I know it seems like I've been whining and complaining about various Taiwan-related things lately, so sorry to continue in that rather negative and annoying thread. But once again, I find myself wondering why the apartments are made of pure concrete, essentially making it a concrete block. Actually, I'm not really complaining, because maybe that's just the best way to build something in Taiwan's humid climate. Really, I don't know! Would wood or some other material get moldy? Anyway, not only do the very walls of your home soak up and retain the relentless summer heat, but they also hold on to the winter cold. And now, we're experiencing another problem with these annoying concrete walls - the inaccessibility of damaged pipes!
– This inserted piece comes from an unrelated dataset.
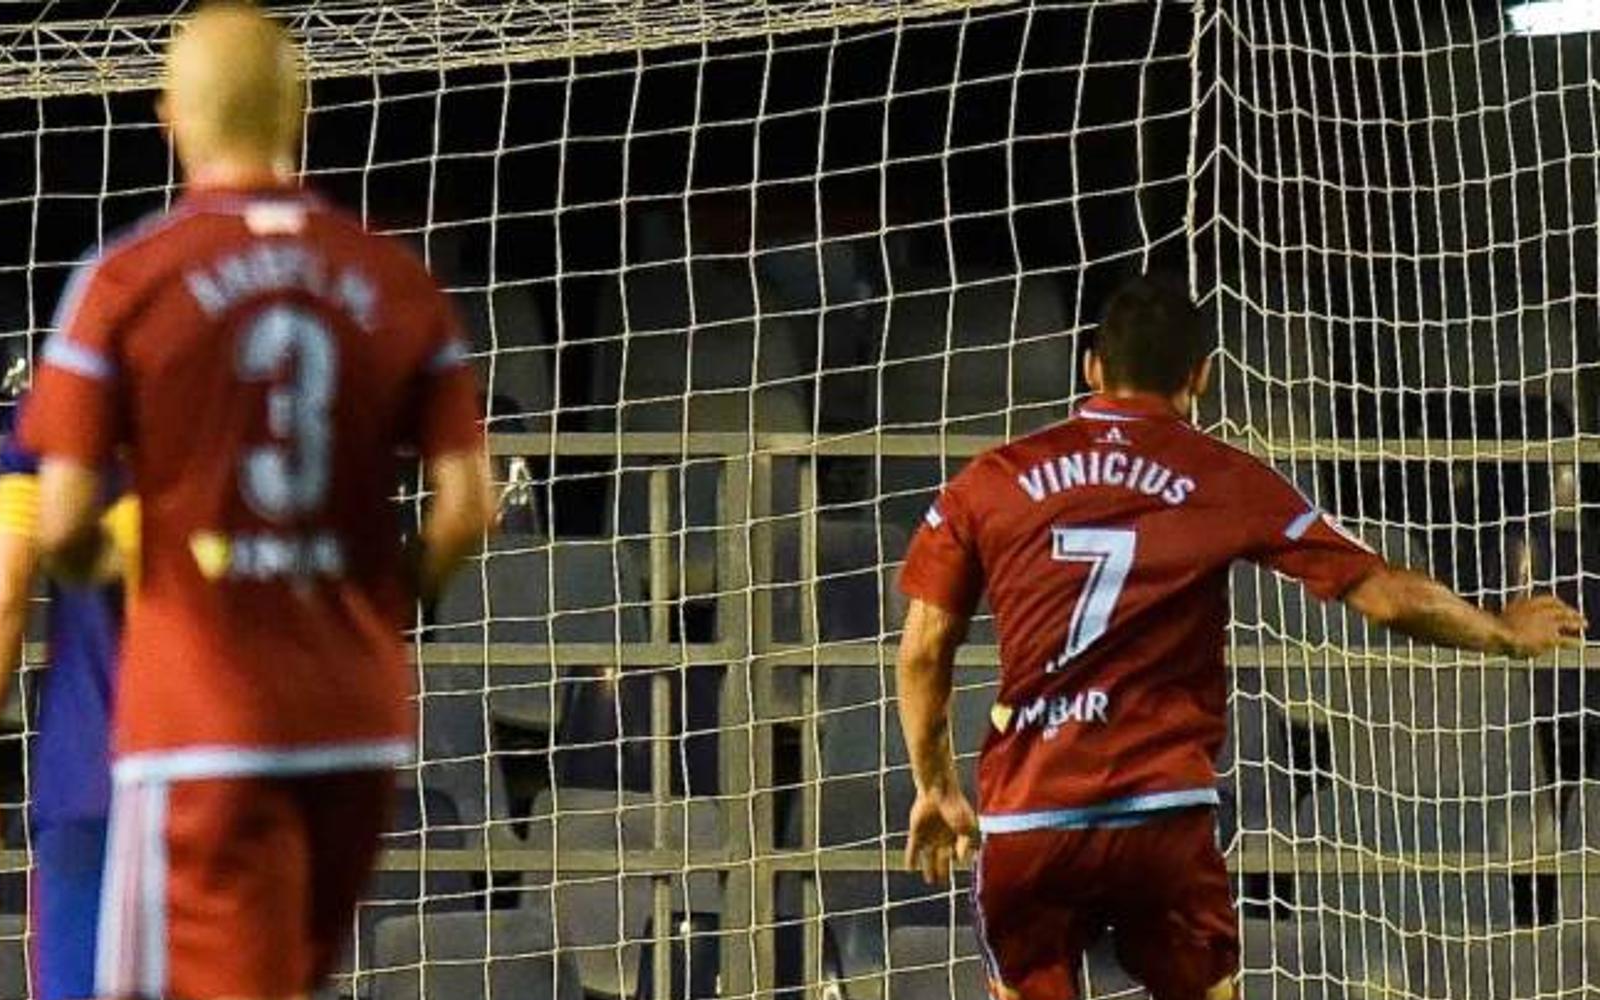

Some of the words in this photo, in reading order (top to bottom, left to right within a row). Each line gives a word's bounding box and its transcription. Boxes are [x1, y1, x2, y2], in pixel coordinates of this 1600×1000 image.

[236, 306, 338, 521] 3
[1017, 450, 1197, 506] VINICIUS
[1045, 524, 1138, 673] 7
I'm not sure how it works in American homes because I never really lived life as a "grown-up" in America (Ian and I graduated from college, a month later got married, and a month after that moved to Taipei), so I never paid much attention to home maintenance. But here, the pipes that lead to the kitchen and bathroom(s) are encased in the concrete walls of your apartment. This has never been a problem in our previous residences, but here the pipes make a loud clanking sound when we take a hot shower (making it rather difficult to do when the baby is sleeping, which every mom knows is the only time you actually have to take a shower). Also, the parts of the wall that have a pipe behind it get warm. Is this normal?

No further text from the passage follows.